▶ TASK INPUT

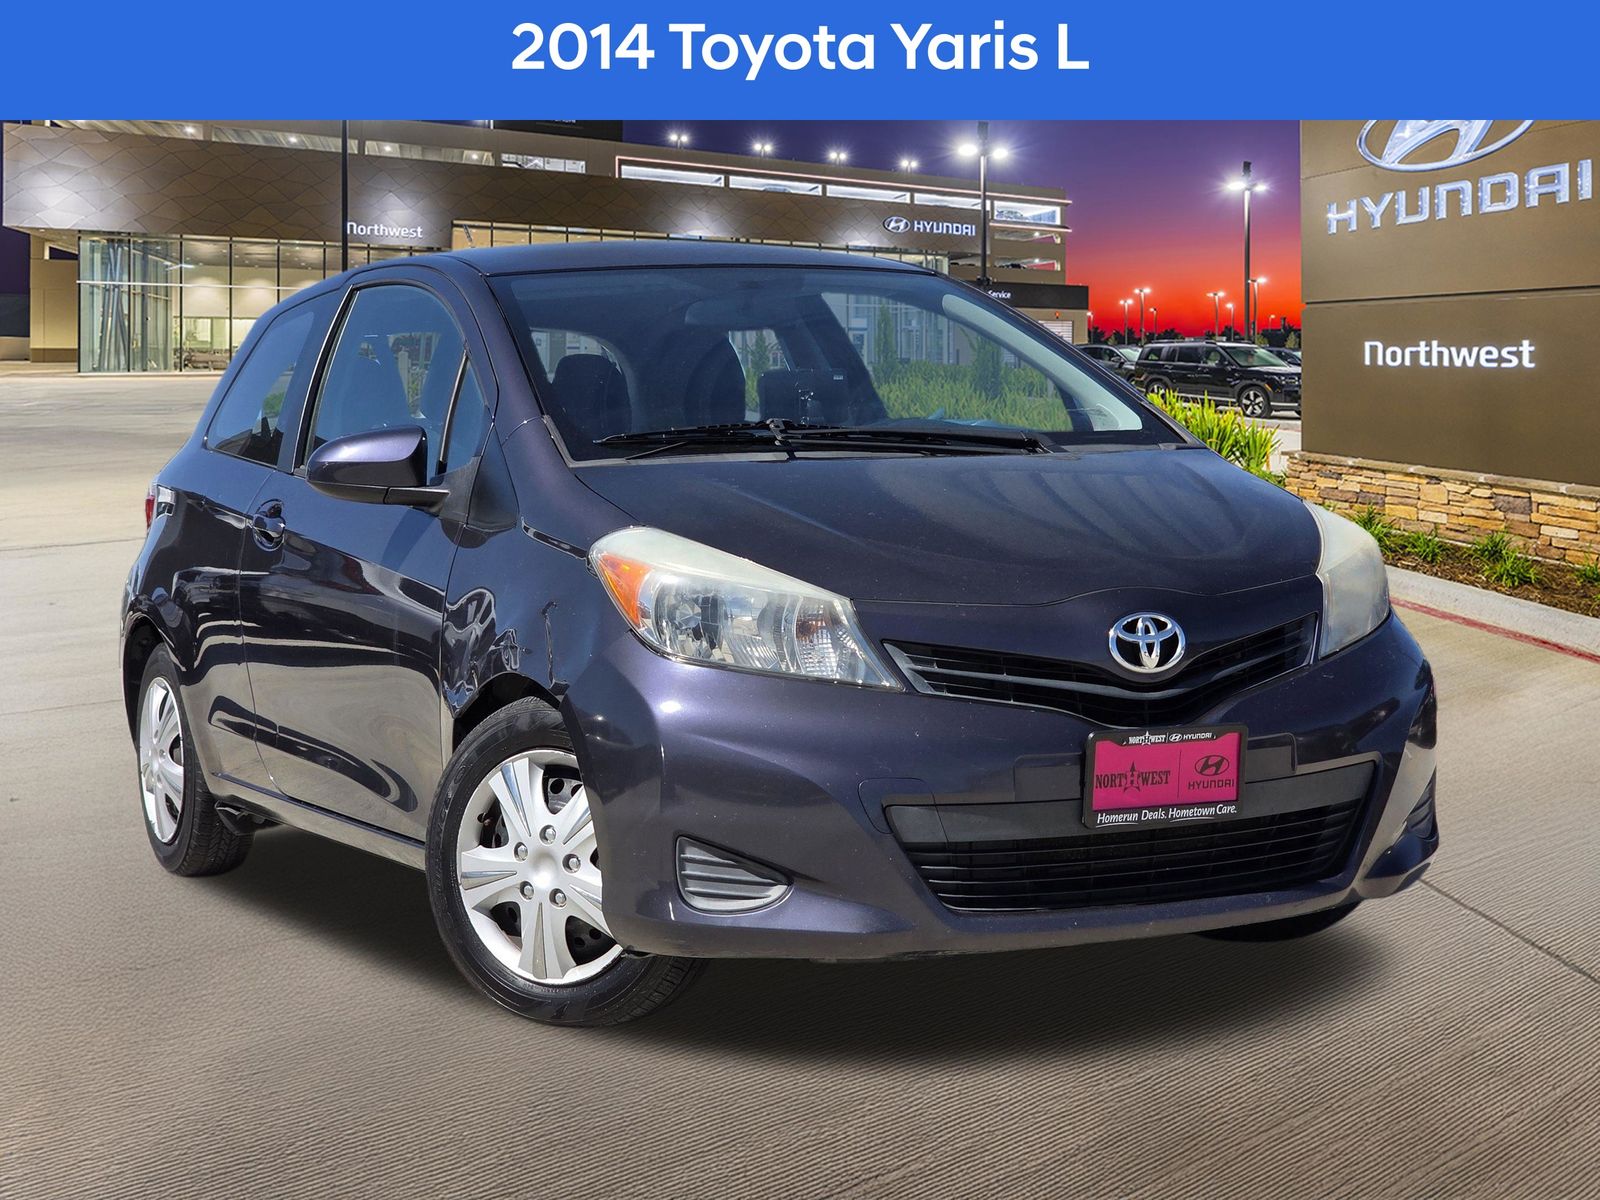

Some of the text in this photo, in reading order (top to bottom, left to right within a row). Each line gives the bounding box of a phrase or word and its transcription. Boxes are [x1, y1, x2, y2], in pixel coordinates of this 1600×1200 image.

[1326, 159, 1593, 235] HYUNDAI
[347, 221, 423, 238] Northwest
[914, 220, 976, 236] HYUNDAI
[1363, 339, 1536, 368] Northwest
[1183, 732, 1212, 740] HYUNDAI
[1187, 778, 1234, 790] HYUNDAI
[1097, 803, 1237, 824] Homerun Deals. Hometown Care.
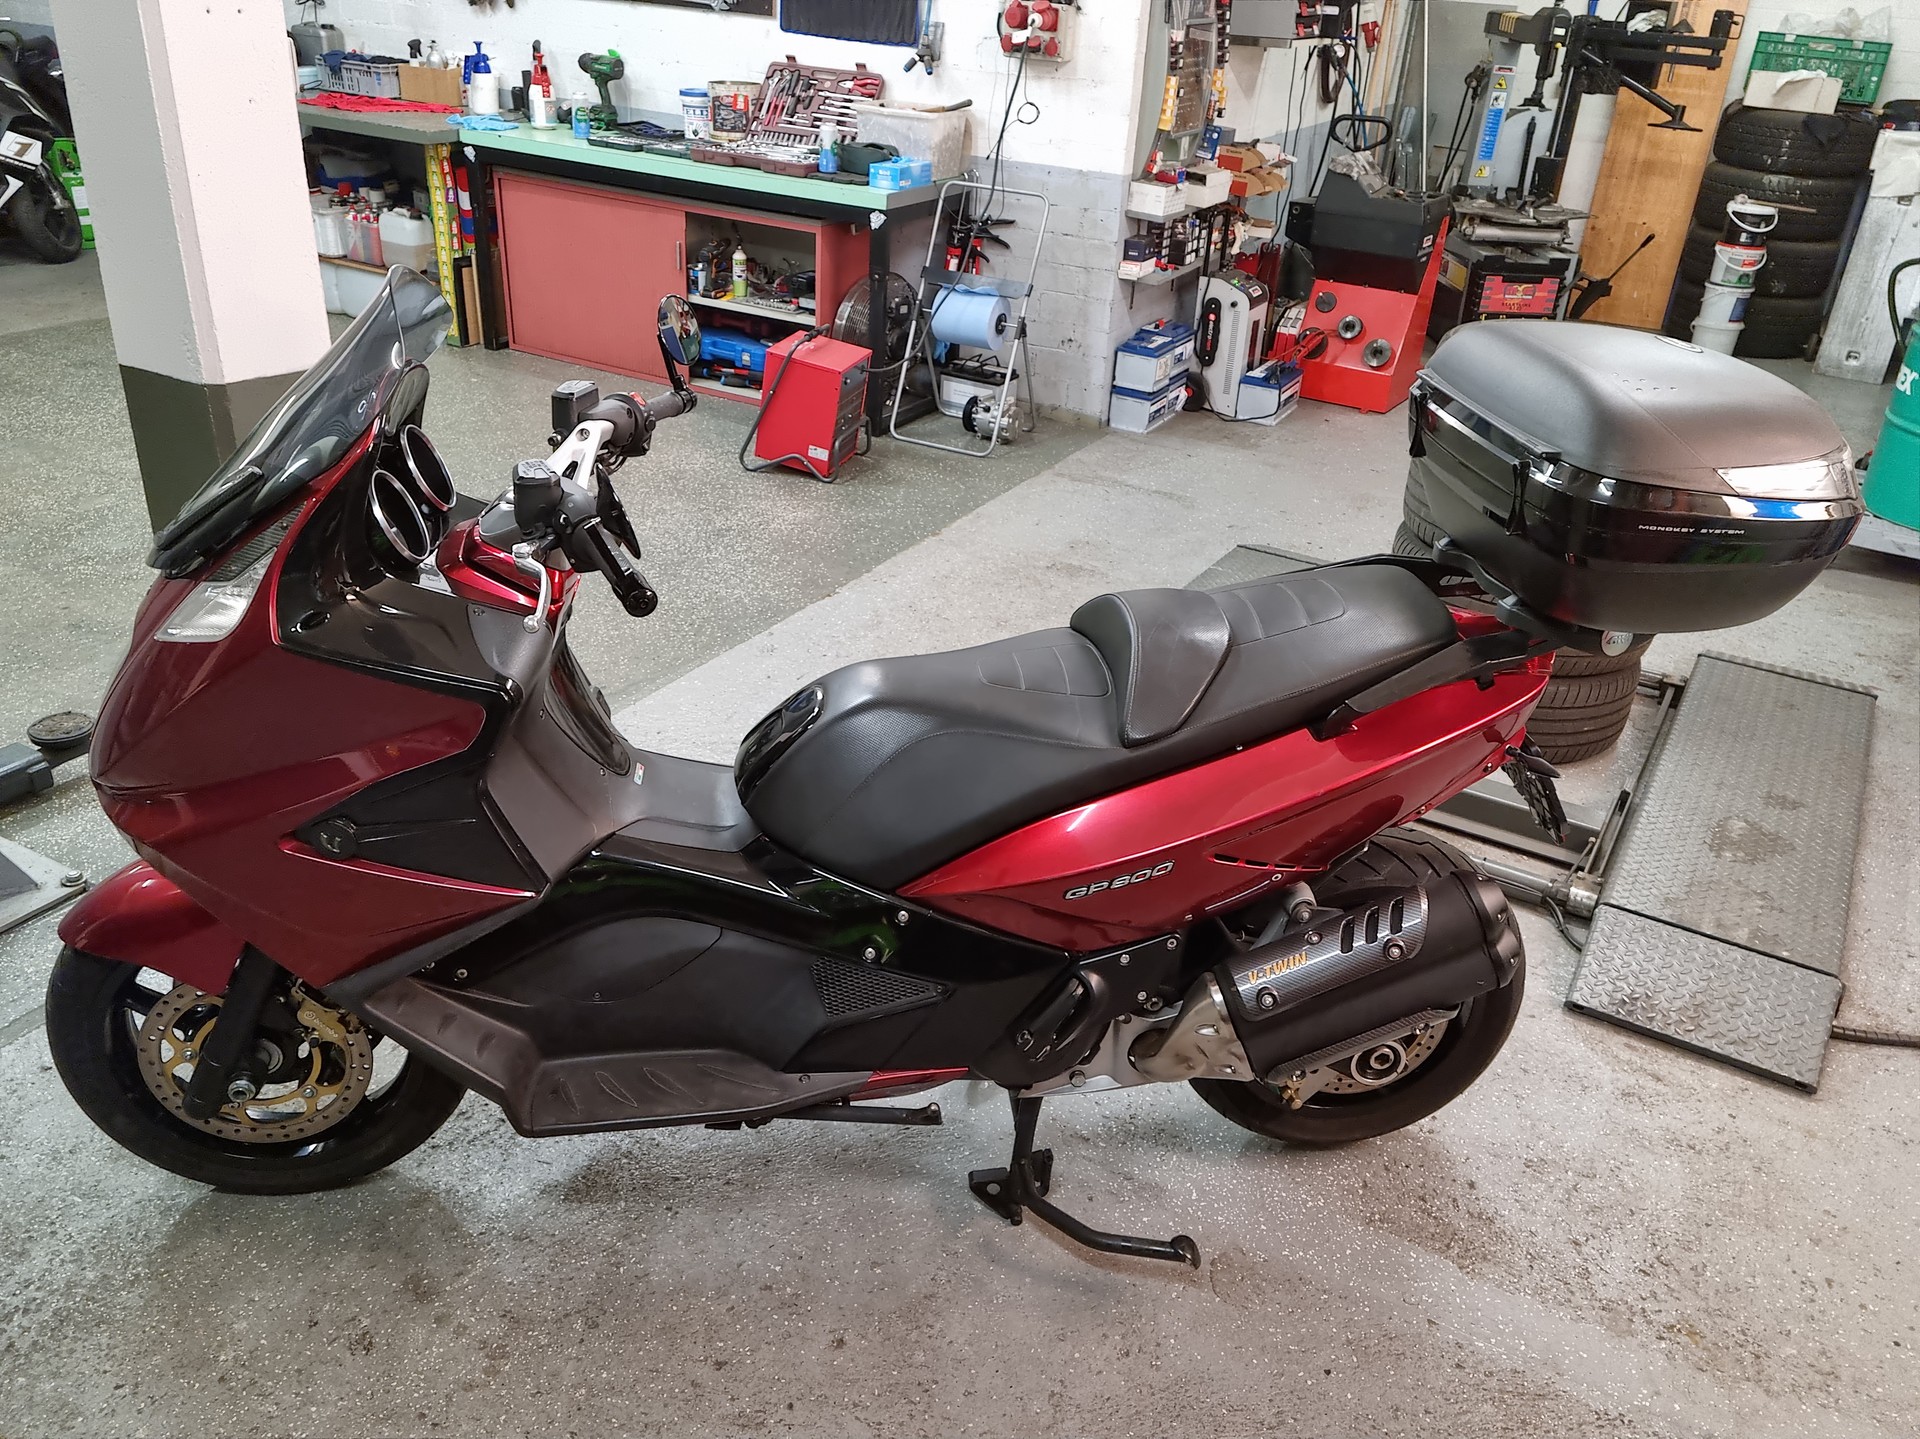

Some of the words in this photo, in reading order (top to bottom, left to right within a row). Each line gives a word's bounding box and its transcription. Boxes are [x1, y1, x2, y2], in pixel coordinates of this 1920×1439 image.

[1638, 524, 1695, 533] MONOKEY
[1064, 860, 1175, 900] GP800
[1248, 951, 1308, 985] V-TWIN
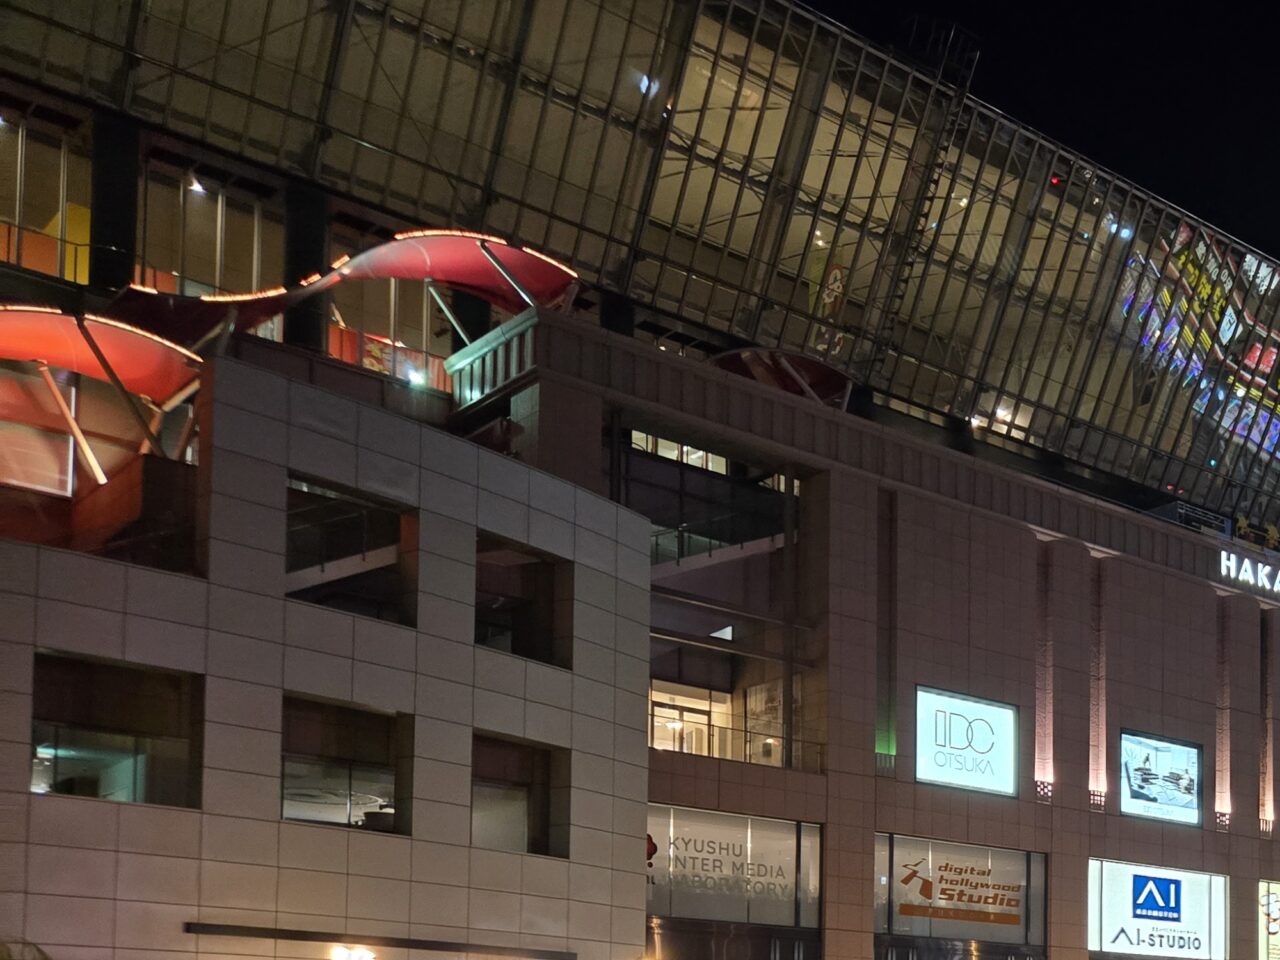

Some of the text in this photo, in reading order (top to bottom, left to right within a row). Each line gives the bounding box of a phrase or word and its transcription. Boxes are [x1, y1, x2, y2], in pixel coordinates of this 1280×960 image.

[935, 709, 995, 755] IDC
[933, 751, 995, 776] OTSUKA
[668, 836, 743, 858] KYUSHU
[668, 854, 786, 880] INTER MEDIA
[938, 862, 992, 877] digital
[938, 874, 1021, 893] hollywood
[1136, 880, 1176, 908] AI
[1111, 926, 1202, 951] AI-STUDIO

▶ PROBLEM TO WORK ON
Only the pictures in the listing above get left out; print everything else exactly.

▶ WRITTEN ANSWER
Some of the text in this photo, in reading order (top to bottom, left to right within a row). Each line gives the bounding box of a phrase or word and its transcription. Boxes are [x1, y1, x2, y2], in pixel coordinates of this 1600×1200 image.

[1326, 159, 1593, 235] HYUNDAI
[347, 221, 423, 238] Northwest
[914, 220, 976, 236] HYUNDAI
[1363, 339, 1536, 368] Northwest
[1183, 732, 1212, 740] HYUNDAI
[1187, 778, 1234, 790] HYUNDAI
[1097, 803, 1237, 824] Homerun Deals. Hometown Care.

Some of the words in this photo, in reading order (top to bottom, left to right within a row). Each line gives a word's bounding box and its transcription. Boxes are [x1, y1, x2, y2], in pixel coordinates of this 1920×1439 image.

[1638, 524, 1695, 533] MONOKEY
[1064, 860, 1175, 900] GP800
[1248, 951, 1308, 985] V-TWIN

Some of the text in this photo, in reading order (top to bottom, left to right within a row). Each line gives the bounding box of a phrase or word and its transcription. Boxes are [x1, y1, x2, y2], in pixel coordinates of this 1280×960 image.

[935, 709, 995, 755] IDC
[933, 751, 995, 776] OTSUKA
[668, 836, 743, 858] KYUSHU
[668, 854, 786, 880] INTER MEDIA
[938, 862, 992, 877] digital
[938, 874, 1021, 893] hollywood
[1136, 880, 1176, 908] AI
[1111, 926, 1202, 951] AI-STUDIO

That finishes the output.